- [Work required]: Leaving out all pictures, return the records word for word.

- [Extracted entries]:
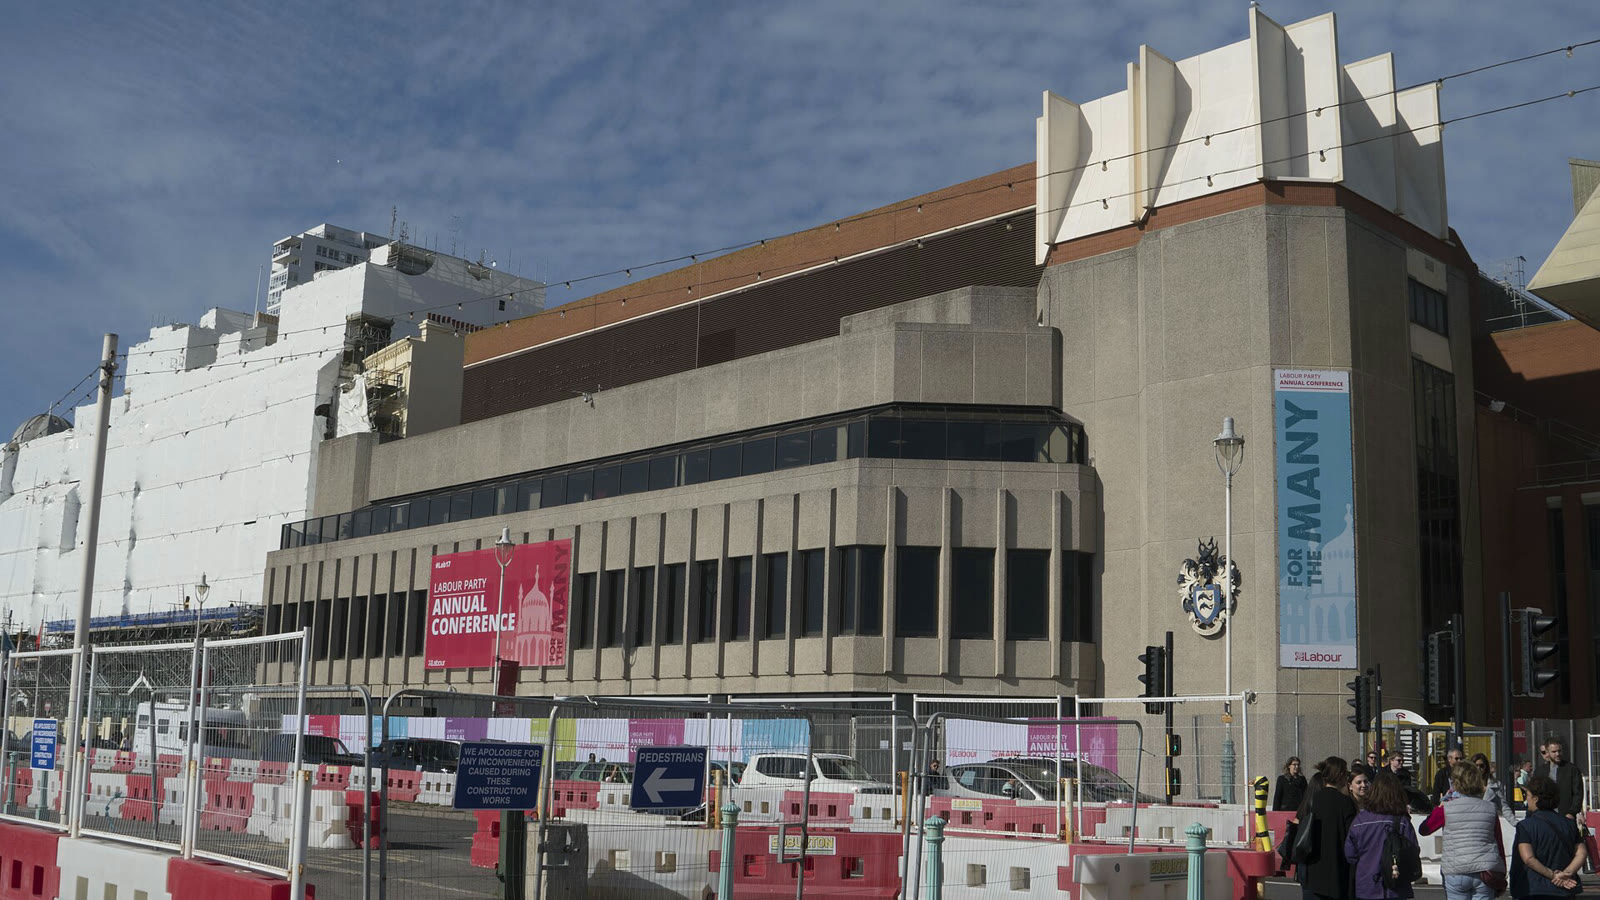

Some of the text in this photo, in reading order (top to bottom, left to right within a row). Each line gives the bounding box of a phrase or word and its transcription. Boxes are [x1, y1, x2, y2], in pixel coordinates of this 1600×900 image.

[1284, 399, 1321, 543] MANY
[1287, 548, 1303, 587] FOR
[1307, 550, 1322, 587] THE
[434, 577, 487, 593] LABOUR PARTY
[551, 544, 569, 634] MANY
[432, 594, 488, 616] ANNUAL
[431, 612, 516, 636] CONFERENCE
[556, 637, 564, 662] THE
[1304, 651, 1342, 662] Labour
[464, 748, 540, 758] WE APOLOGISE FOR
[639, 752, 704, 763] PEDESTRIANS
[460, 758, 541, 767] ANY INCONVENIENCE
[468, 767, 531, 776] CAUSED DURING
[486, 777, 511, 785] THESE
[466, 786, 528, 795] CONSTRUCTION
[482, 796, 511, 805] WORKS
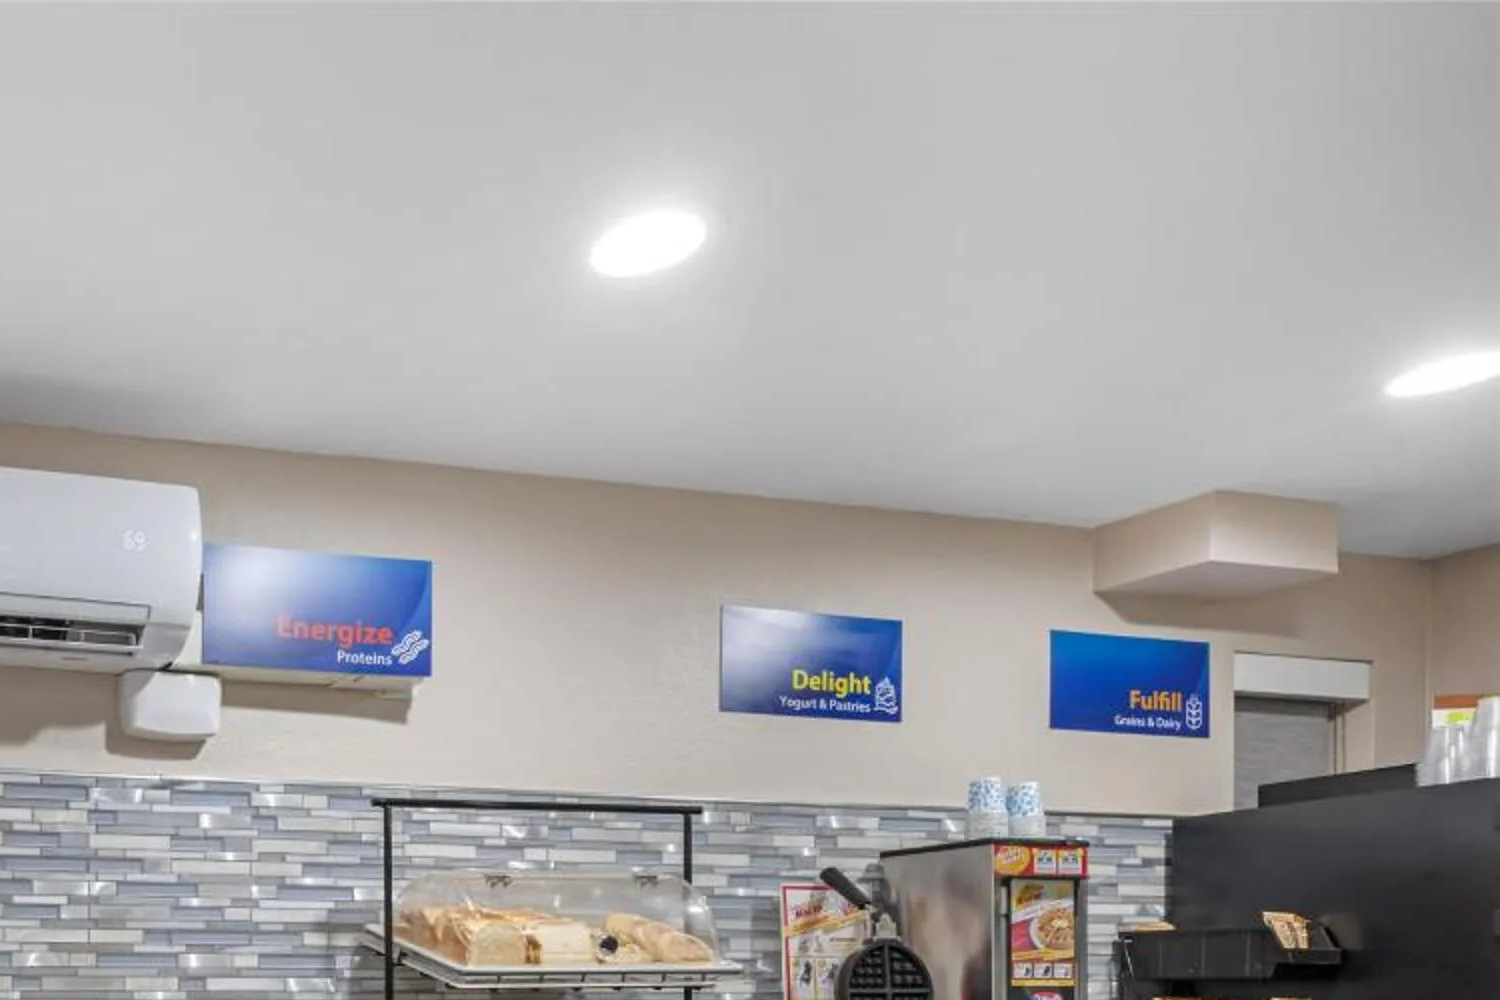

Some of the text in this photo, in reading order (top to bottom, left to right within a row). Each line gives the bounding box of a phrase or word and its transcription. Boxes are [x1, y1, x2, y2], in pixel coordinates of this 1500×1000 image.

[276, 611, 393, 648] Energize
[336, 650, 393, 666] Proteins
[792, 669, 871, 699] Delight
[779, 695, 871, 713] Yogurt & Pastries
[1129, 689, 1182, 713] Fulfill
[1114, 714, 1182, 732] Grains & Dairy

- [Response for this exercise]:
Some of the text in this photo, in reading order (top to bottom, left to right within a row). Each line gives the bounding box of a phrase or word and its transcription. Boxes are [x1, y1, x2, y2], in pixel coordinates of this 1600×900 image.

[1284, 399, 1321, 543] MANY
[1287, 548, 1303, 587] FOR
[1307, 550, 1322, 587] THE
[434, 577, 487, 593] LABOUR PARTY
[551, 544, 569, 634] MANY
[432, 594, 488, 616] ANNUAL
[431, 612, 516, 636] CONFERENCE
[556, 637, 564, 662] THE
[1304, 651, 1342, 662] Labour
[464, 748, 540, 758] WE APOLOGISE FOR
[639, 752, 704, 763] PEDESTRIANS
[460, 758, 541, 767] ANY INCONVENIENCE
[468, 767, 531, 776] CAUSED DURING
[486, 777, 511, 785] THESE
[466, 786, 528, 795] CONSTRUCTION
[482, 796, 511, 805] WORKS

Some of the text in this photo, in reading order (top to bottom, left to right within a row). Each line gives the bounding box of a phrase or word and its transcription. Boxes are [x1, y1, x2, y2], in pixel coordinates of this 1500×1000 image.

[276, 611, 393, 648] Energize
[336, 650, 393, 666] Proteins
[792, 669, 871, 699] Delight
[779, 695, 871, 713] Yogurt & Pastries
[1129, 689, 1182, 713] Fulfill
[1114, 714, 1182, 732] Grains & Dairy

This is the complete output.